TASK INSTRUCTIONS ->
What you return must match the records below exactly, apart from the omitted pictures.

Saved data entries ->
━━━━━━━━━━━━━━━━━━━━
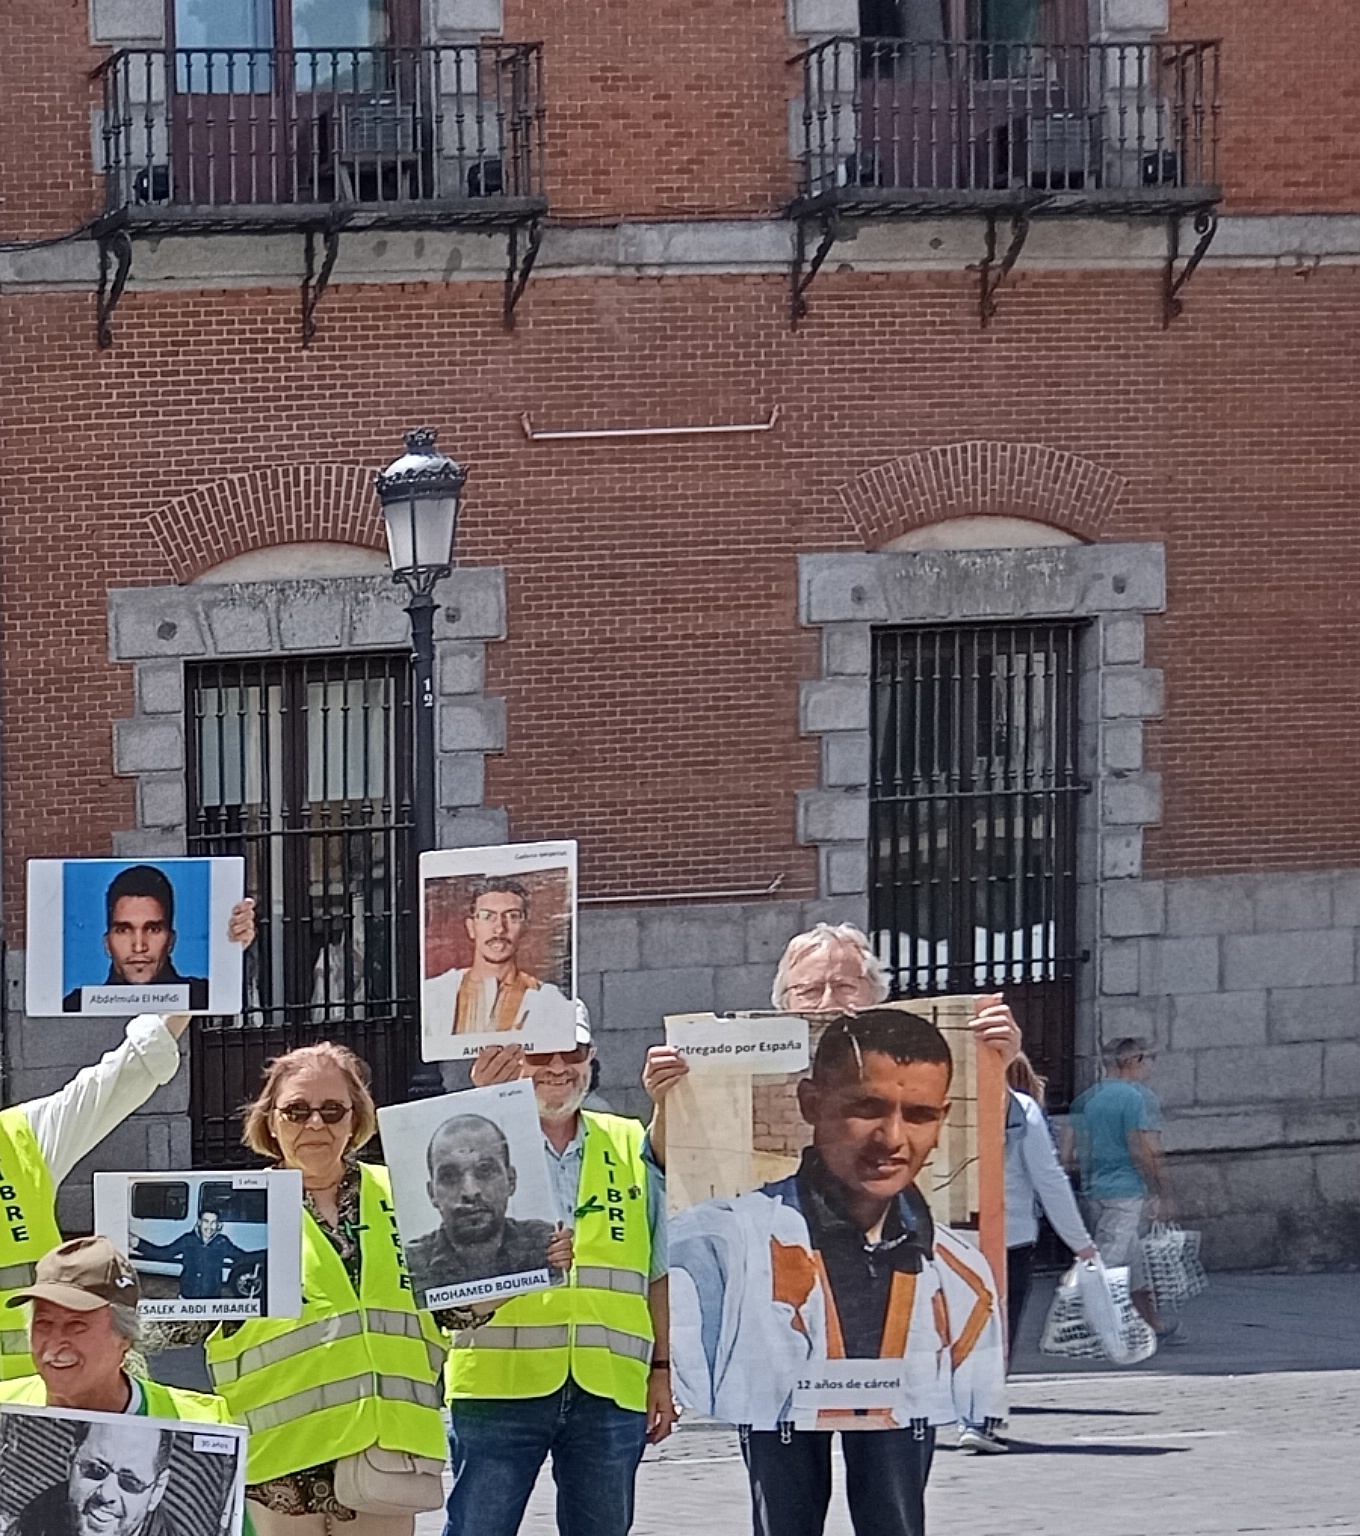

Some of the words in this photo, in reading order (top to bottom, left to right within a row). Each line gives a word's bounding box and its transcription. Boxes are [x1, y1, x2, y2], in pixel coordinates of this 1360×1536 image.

[735, 1042, 757, 1055] por
[759, 1040, 802, 1054] España
[603, 1150, 625, 1242] LIBRE
[429, 1284, 493, 1304] MOHAMED
[495, 1274, 548, 1292] BOURIAL
[180, 1304, 207, 1315] ABDI
[211, 1303, 258, 1314] MBAREK
[797, 1380, 811, 1390] 12
[814, 1379, 843, 1390] años
[845, 1379, 862, 1389] de
[863, 1377, 900, 1389] cárcel
━━━━━━━━━━━━━━━━━━━━
ANSWER BOX ->
Some of the words in this photo, in reading order (top to bottom, left to right within a row). Each line gives a word's bounding box and its transcription. Boxes are [x1, y1, x2, y2], in pixel coordinates of this 1360×1536 image.

[735, 1042, 757, 1055] por
[759, 1040, 802, 1054] España
[603, 1150, 625, 1242] LIBRE
[429, 1284, 493, 1304] MOHAMED
[495, 1274, 548, 1292] BOURIAL
[180, 1304, 207, 1315] ABDI
[211, 1303, 258, 1314] MBAREK
[797, 1380, 811, 1390] 12
[814, 1379, 843, 1390] años
[845, 1379, 862, 1389] de
[863, 1377, 900, 1389] cárcel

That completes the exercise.